> **REQUIRED WORK**:
From the line holding "this 1288×966 image." through the line holding "this 1643×1440 image." below, write out every line exactly; include both of those lines and drop the pictures.

> **RECORDED DATA**:

________________________

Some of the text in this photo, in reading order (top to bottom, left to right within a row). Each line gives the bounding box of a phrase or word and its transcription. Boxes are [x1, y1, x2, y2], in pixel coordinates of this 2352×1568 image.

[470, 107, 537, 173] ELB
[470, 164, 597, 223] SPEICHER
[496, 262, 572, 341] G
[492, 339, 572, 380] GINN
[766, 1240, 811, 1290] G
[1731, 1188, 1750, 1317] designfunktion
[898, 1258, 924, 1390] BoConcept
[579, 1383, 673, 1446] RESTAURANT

________________________

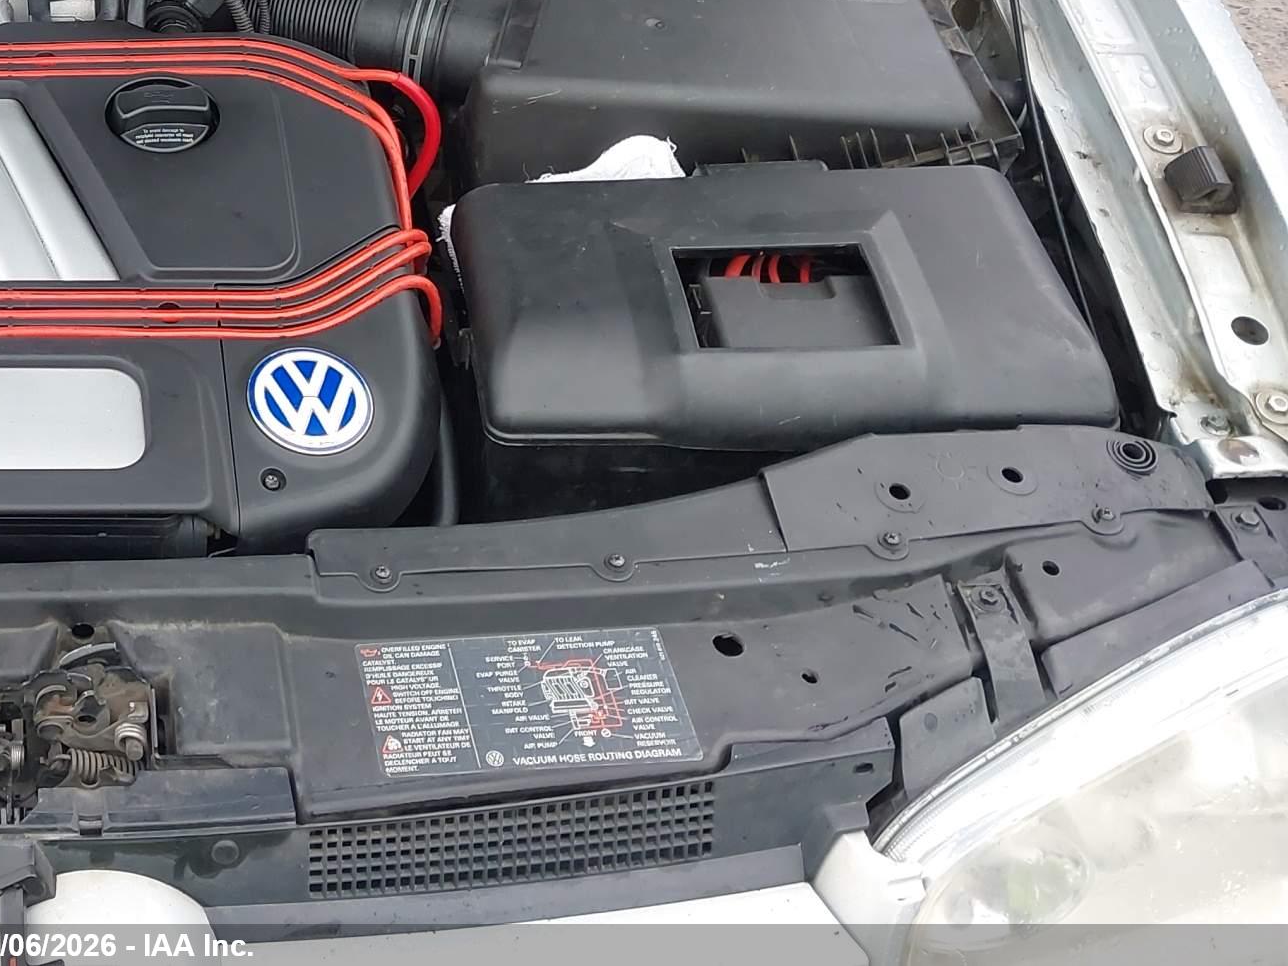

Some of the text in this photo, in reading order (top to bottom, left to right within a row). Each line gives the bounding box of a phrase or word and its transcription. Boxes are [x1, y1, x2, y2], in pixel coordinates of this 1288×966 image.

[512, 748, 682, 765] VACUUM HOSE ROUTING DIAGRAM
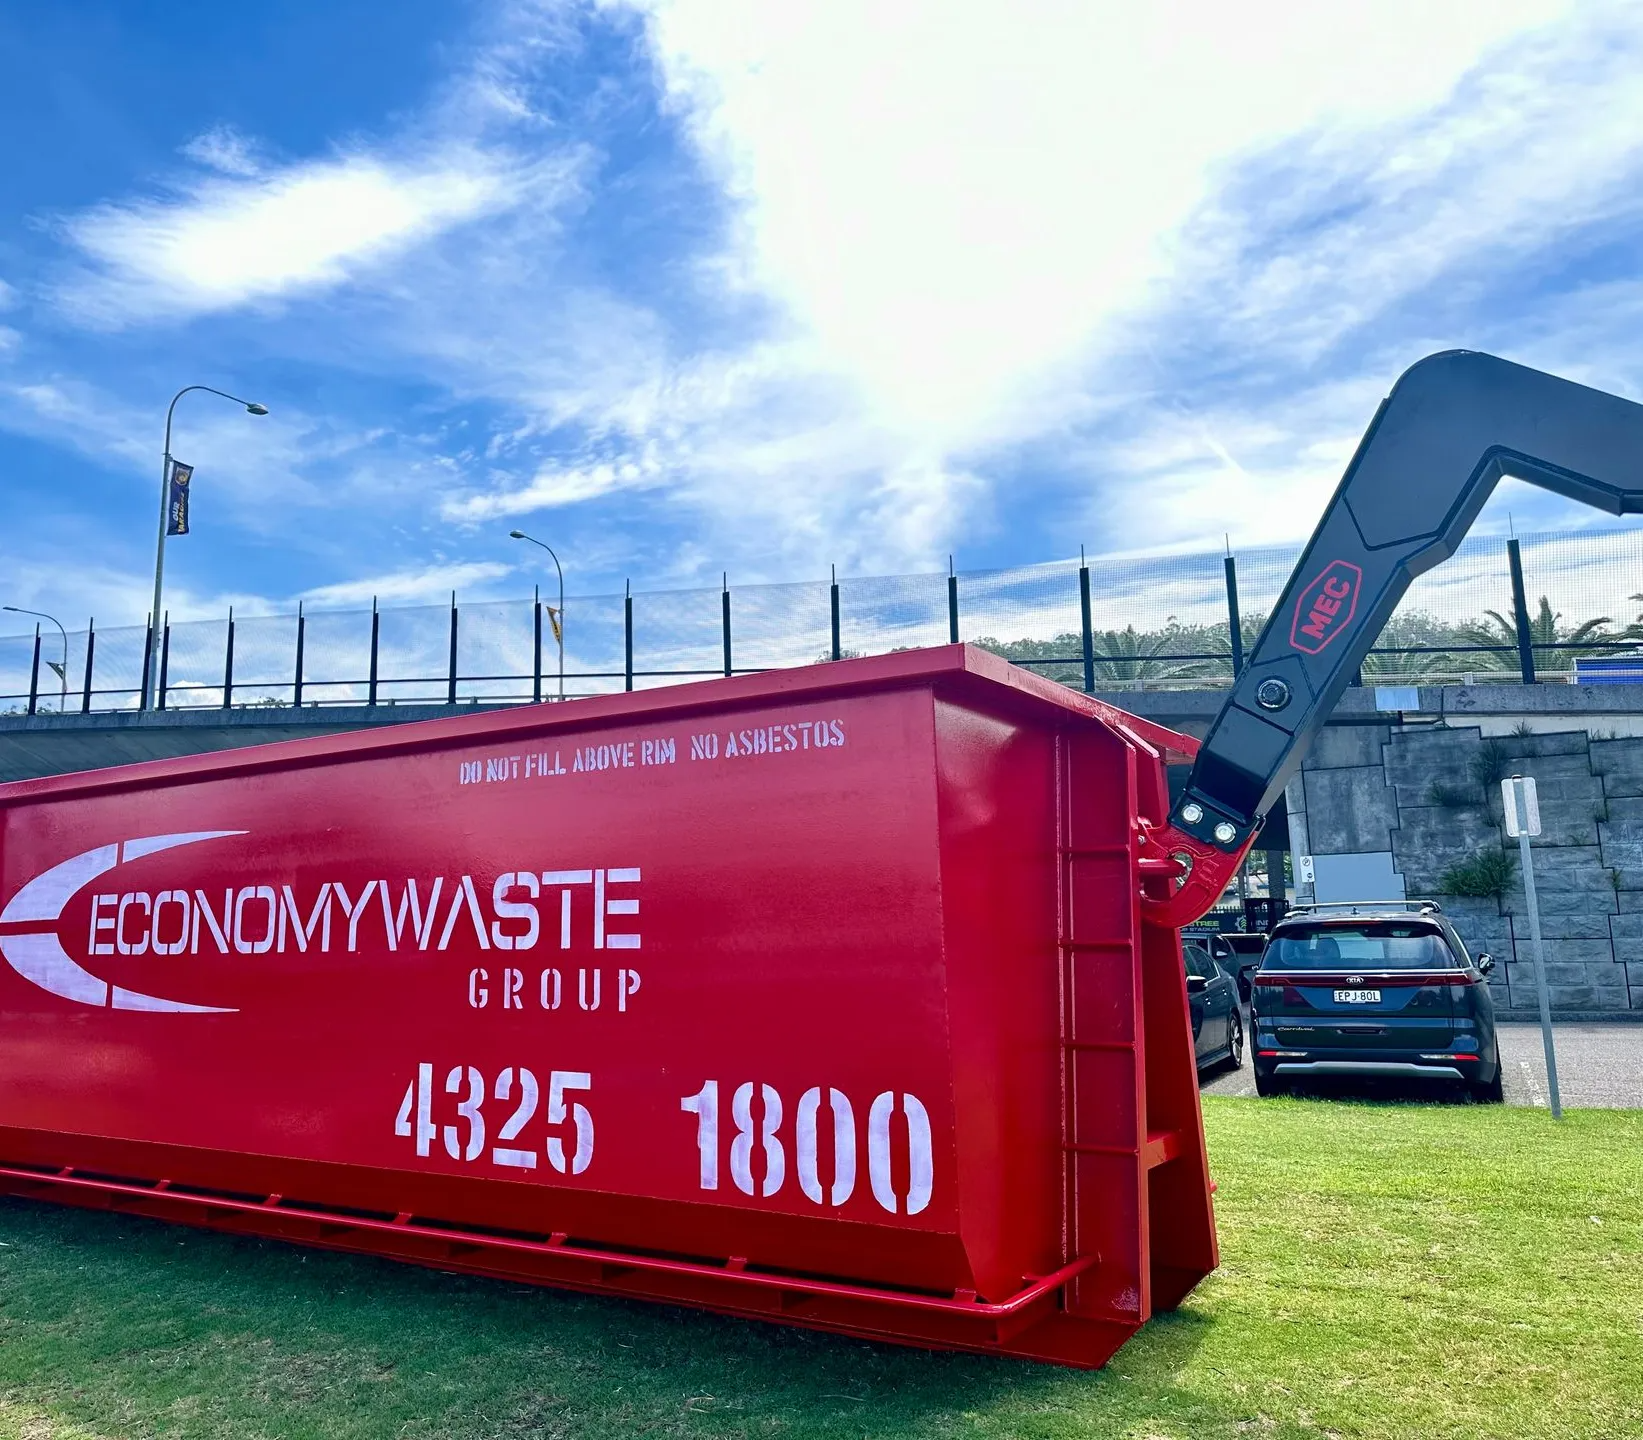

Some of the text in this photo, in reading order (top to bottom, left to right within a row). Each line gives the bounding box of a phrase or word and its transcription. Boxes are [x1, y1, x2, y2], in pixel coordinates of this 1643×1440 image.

________________________

> **SOLVED EXERCISE**:
Some of the text in this photo, in reading order (top to bottom, left to right within a row). Each line gives the bounding box of a phrase or word and its transcription. Boxes are [x1, y1, x2, y2], in pixel coordinates of this 1288×966 image.

[512, 748, 682, 765] VACUUM HOSE ROUTING DIAGRAM

Some of the text in this photo, in reading order (top to bottom, left to right within a row). Each line gives the bounding box of a phrase or word and its transcription. Boxes are [x1, y1, x2, y2], in pixel coordinates of this 1643×1440 image.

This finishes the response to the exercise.